Stories from a seasoned screenwriter. Take heart! Your creative source is infinite and un-ending. Sometimes Hollywood just rips up the roadmap back to it. The bottom line is that Hollywood is not at all as bad as it sounds. Additionally, it's worse than you can imagine. Remember to pack a sense of humor.

Name:

I am a screenwriter living in Southern California. I've written screenplays for most of the Hollywood studios over the past 20 years. One of the uncredited writers of FANTASTIC FOUR, I wrote FIRE DOWN BELOW starring Steven Seagal, and the TV Movie 12:01 PM starring Martin Landau and MANEATER with Gary Busey. I have directed short films. I have written on numerous Hollywood studio assignments, some for big shot actors, some for small shot nobodies.

Tuesday, June 27, 2006

Cut For The Cutting Room Floor.

Well, the way things are going digital, there won't be a cutting room much longer.

Regardless, there will always be the idea of the - 'cutting room floor' - and where some of your scenes, lines of dialogue, images and darlings will inevitably wind up as the director and editor shape the picture, cut for time, cut for flow, cut for pacing.

You never keep everything you shoot.

So what does that mean about the draft you wrote?

The idea of the cutting room floor idea can be a useful tool for a writer at any stage of the writing, as a way to look at the work and lighten the load, cut the excess, stay on the straight line of the story.

The tighter, dynamic drafts are always the ones that read best. And you're forced to keep your poetry at a high level when you have less room.
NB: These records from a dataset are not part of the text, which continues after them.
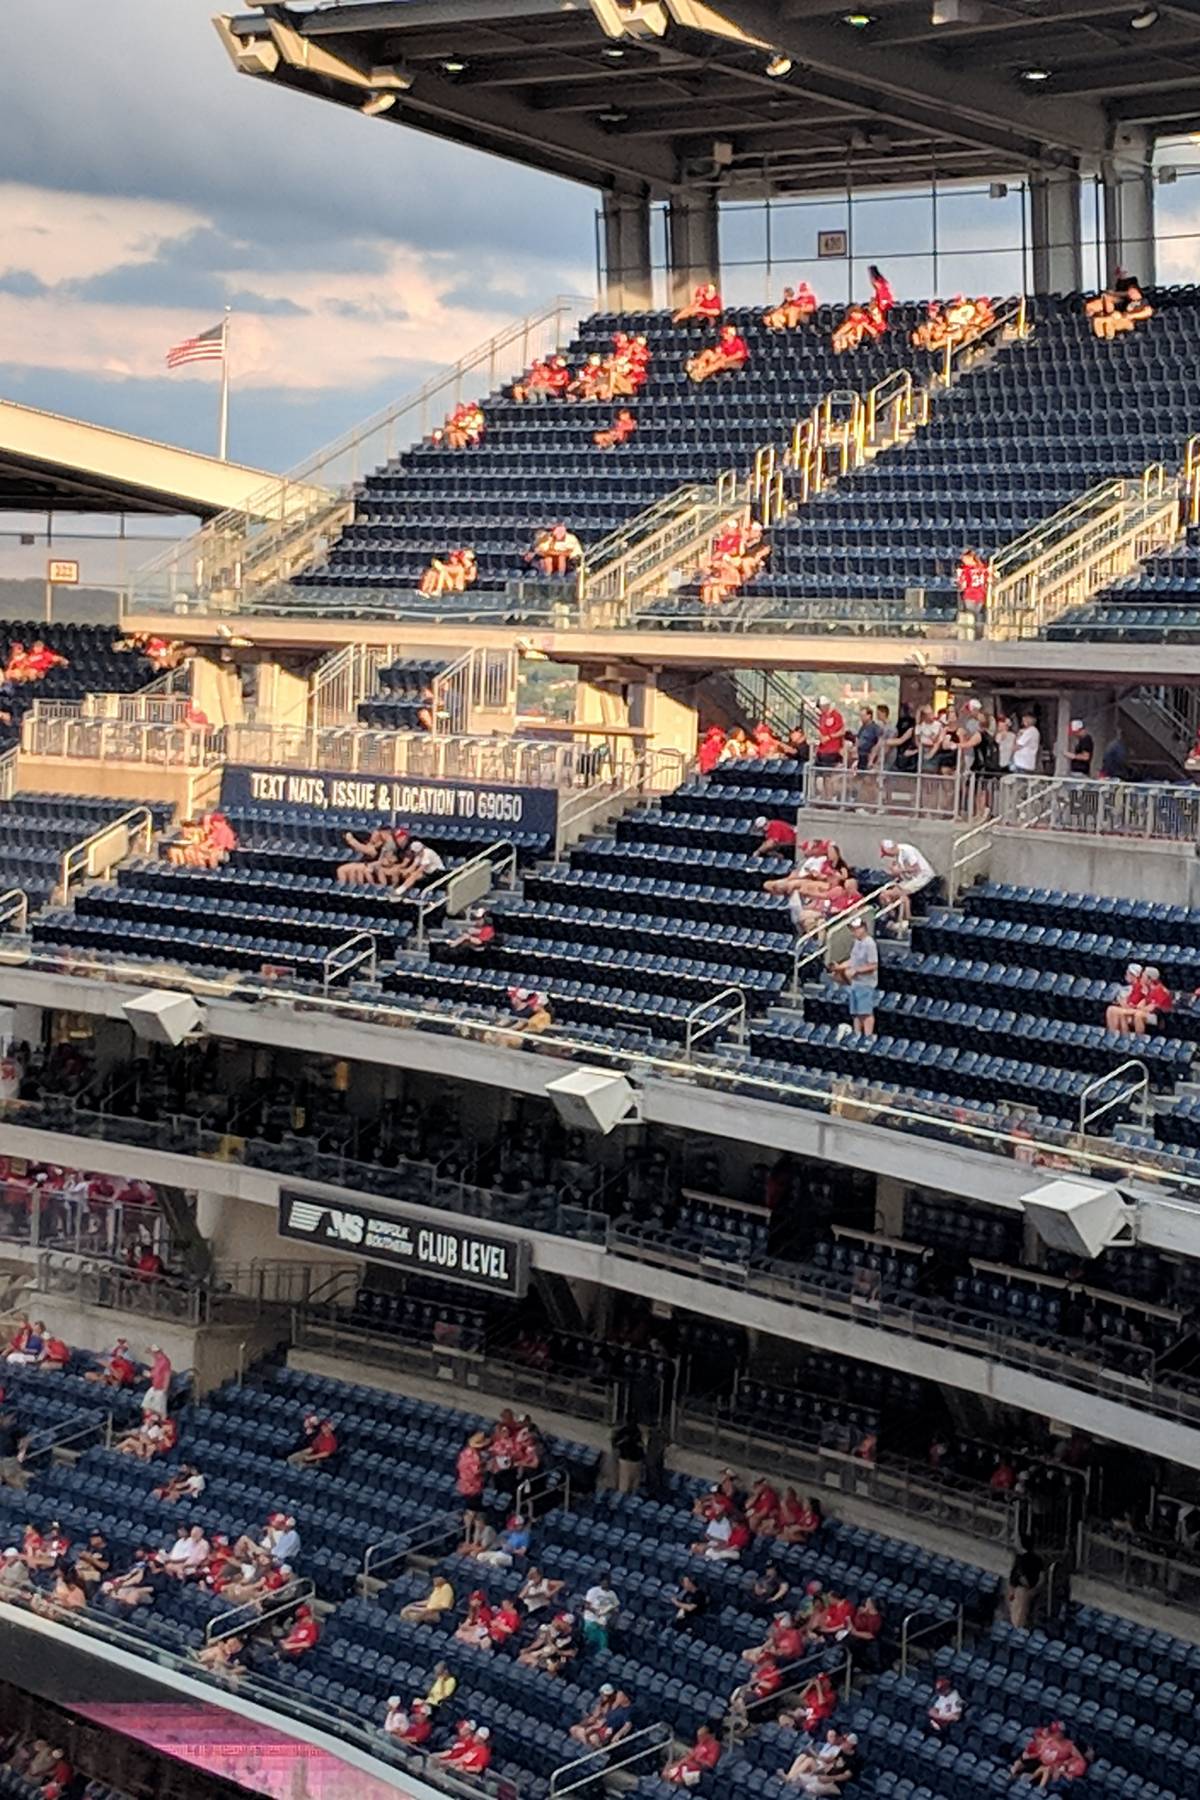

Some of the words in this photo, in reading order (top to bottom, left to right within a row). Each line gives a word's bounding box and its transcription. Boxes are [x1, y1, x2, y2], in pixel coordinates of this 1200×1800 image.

[251, 772, 287, 801] TEXT
[288, 776, 328, 810] NATS,
[332, 780, 376, 810] ISSUE
[377, 784, 392, 811] &
[395, 784, 455, 816] LOCATION
[457, 790, 475, 819] TO
[477, 792, 523, 822] 69050
[418, 1229, 458, 1268] CLUB
[461, 1239, 509, 1280] LEVEL
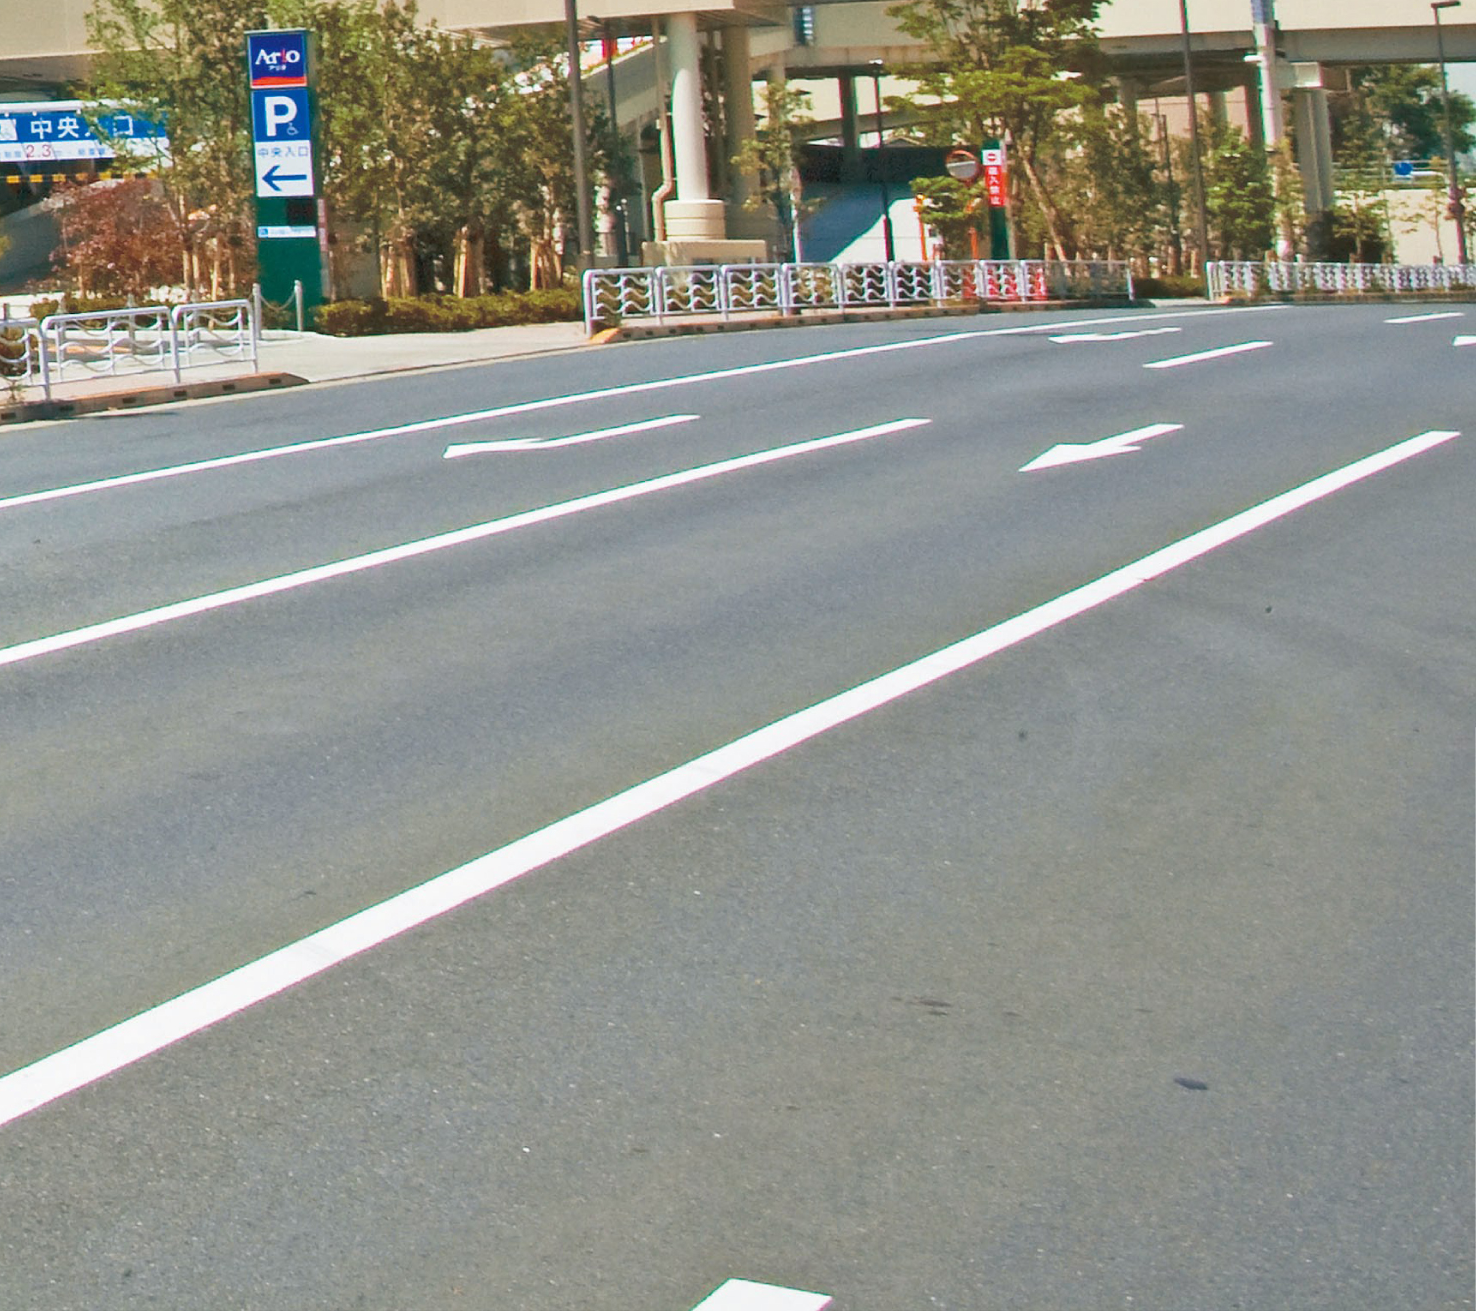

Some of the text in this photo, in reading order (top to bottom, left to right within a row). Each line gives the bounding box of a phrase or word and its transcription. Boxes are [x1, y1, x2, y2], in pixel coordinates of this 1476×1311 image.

[254, 47, 301, 65] Ario
[264, 95, 298, 137] P
[258, 146, 309, 159] 中央入口
What is the 'jewel' of the scene? The emotional moment required that makes the scene important? The plot discovery that makes it crucial? What do we learn about the characters or their fate, why is it neccessary? And if it's not neccesary, lose it. If part of it isn't neccesary, lose that.

If you don't do it now, you will hit that moment in a meeting with a director, unless you're directing yourself, when you gaze down upon a scene and realize - "we'll never shoot this."
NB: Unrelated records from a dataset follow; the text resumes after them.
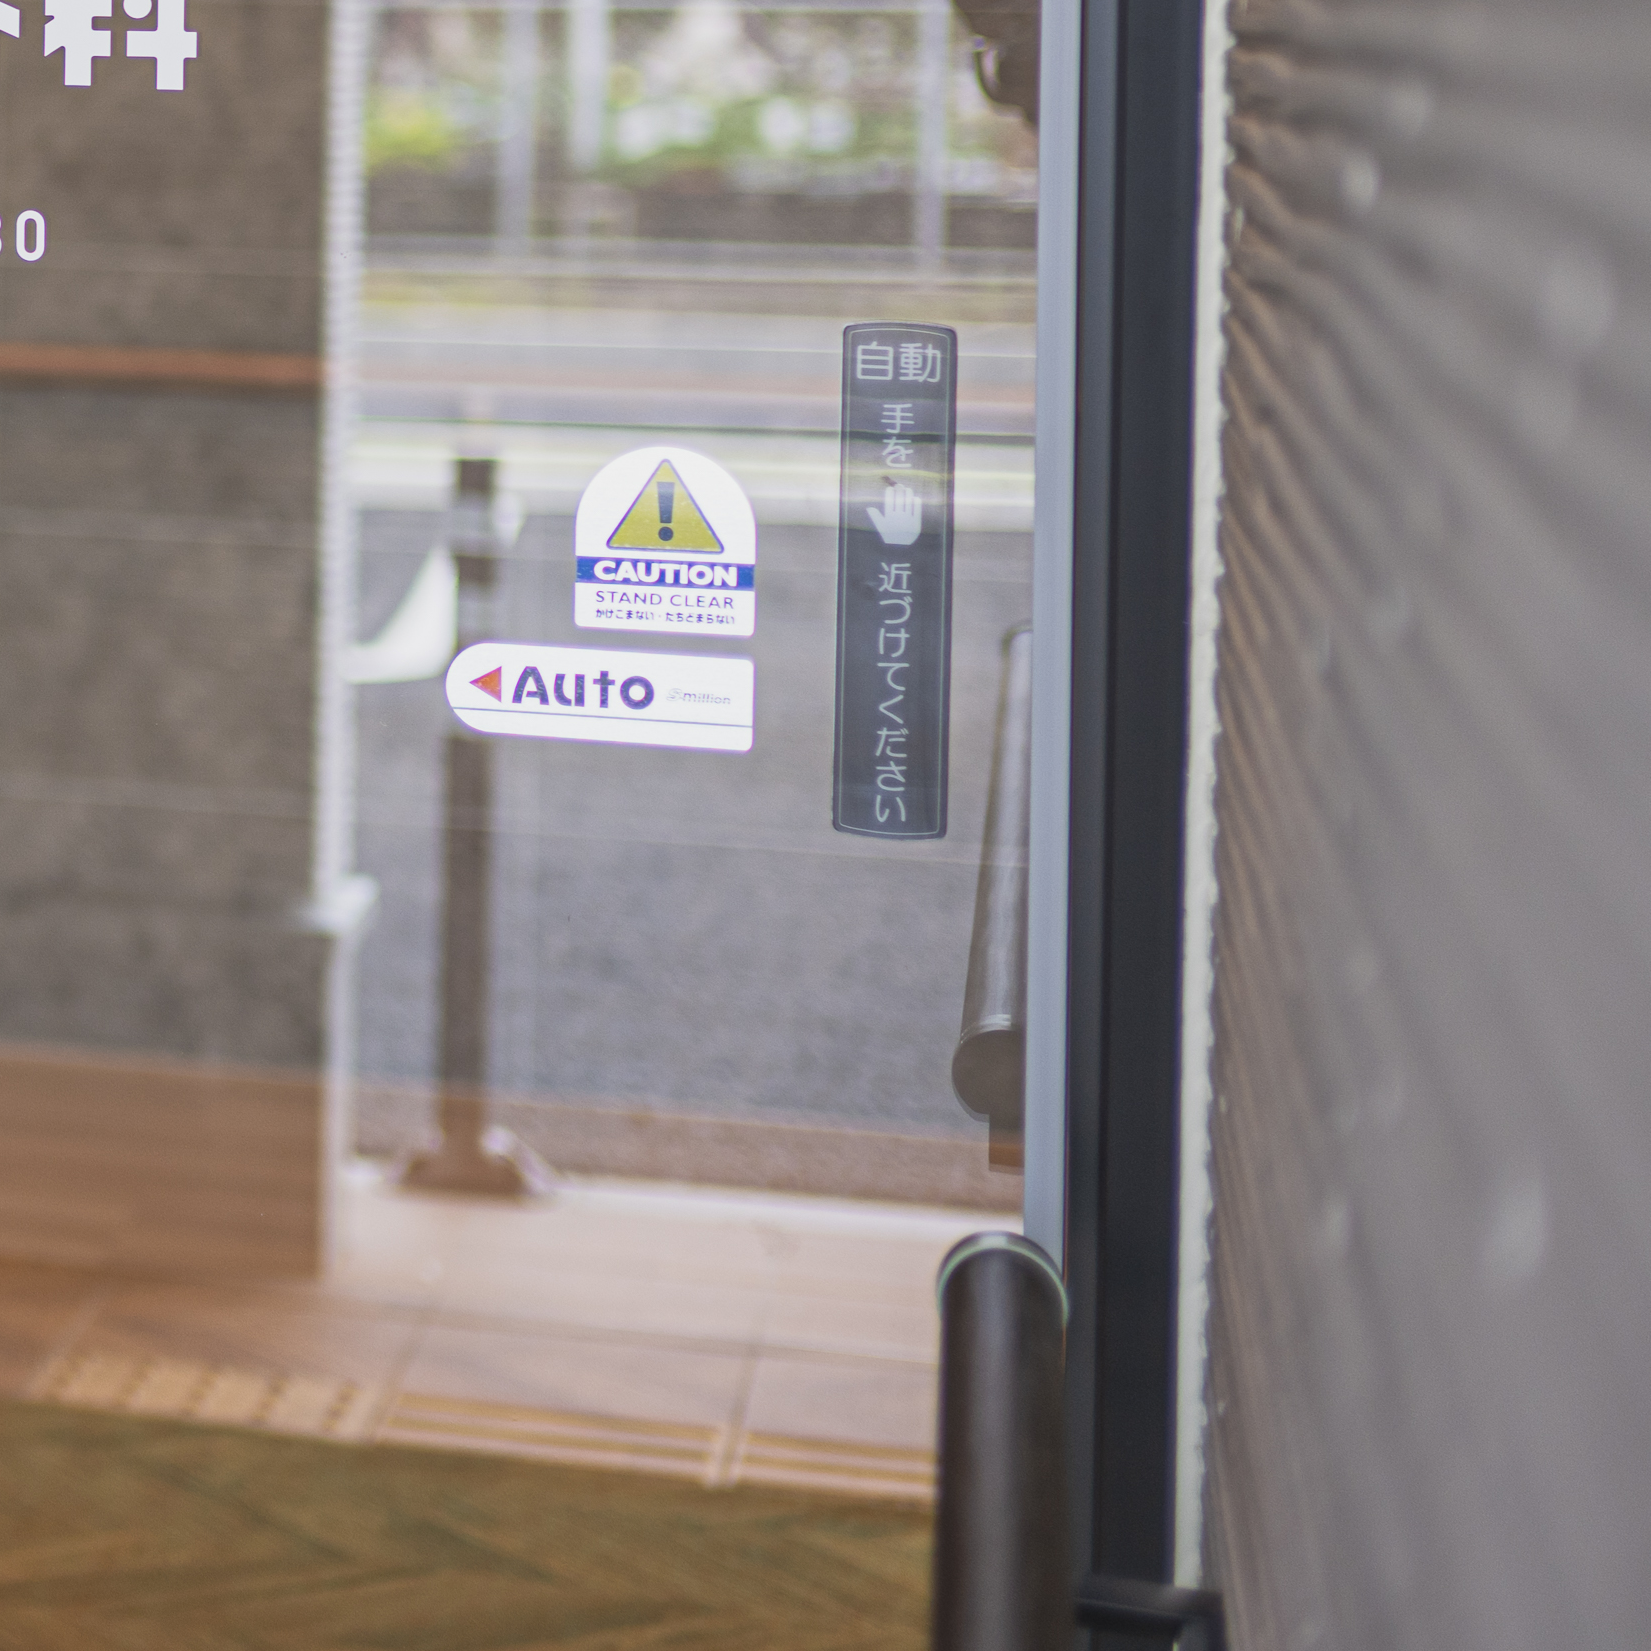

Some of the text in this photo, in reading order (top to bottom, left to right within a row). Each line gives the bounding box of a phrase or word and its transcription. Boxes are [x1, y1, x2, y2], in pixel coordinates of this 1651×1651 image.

[856, 341, 942, 383] 自動
[880, 403, 915, 468] 手を
[593, 560, 738, 587] CAUTION
[596, 590, 734, 609] STAND CLEAR
[512, 665, 655, 710] Auto
[875, 562, 913, 823] 近づけてください
That happened to me a lot in the last few weeks, as we're in pre-production on my script. But as the last thing I had in production was ten years ago the memory of this had faded. It was a great wake up call.
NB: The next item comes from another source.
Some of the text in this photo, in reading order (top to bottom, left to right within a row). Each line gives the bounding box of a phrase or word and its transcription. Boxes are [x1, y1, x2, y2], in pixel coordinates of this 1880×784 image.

Good to get rid of the scenes you know you won't shoot, now. Why won't you shoot them? Becasue they don't advance the character arc, they don't advance plot. Period.

If you cut them now, you're improving the script, making it tighter, a better film, and a document that will speak more as a production draft to those who know production.

I read the script of Saving Private Ryan by Robert Rodat that sold. It's a fabulous script, very tight, no extra scenes, nothing wasted (different ending of course), a page turner it flew along amidst a huge cast of characters and endless locations; but felt like you were watching the movie.

Think of the cutting room floor and keep a step ahead.

Saturday, June 24, 2006

Gladiator The Musical

No, it's not a joke. It's real. And I saw it last month. One night only. Tickets not available. You only hear about it because you get a call because you know somebody who knows somebody.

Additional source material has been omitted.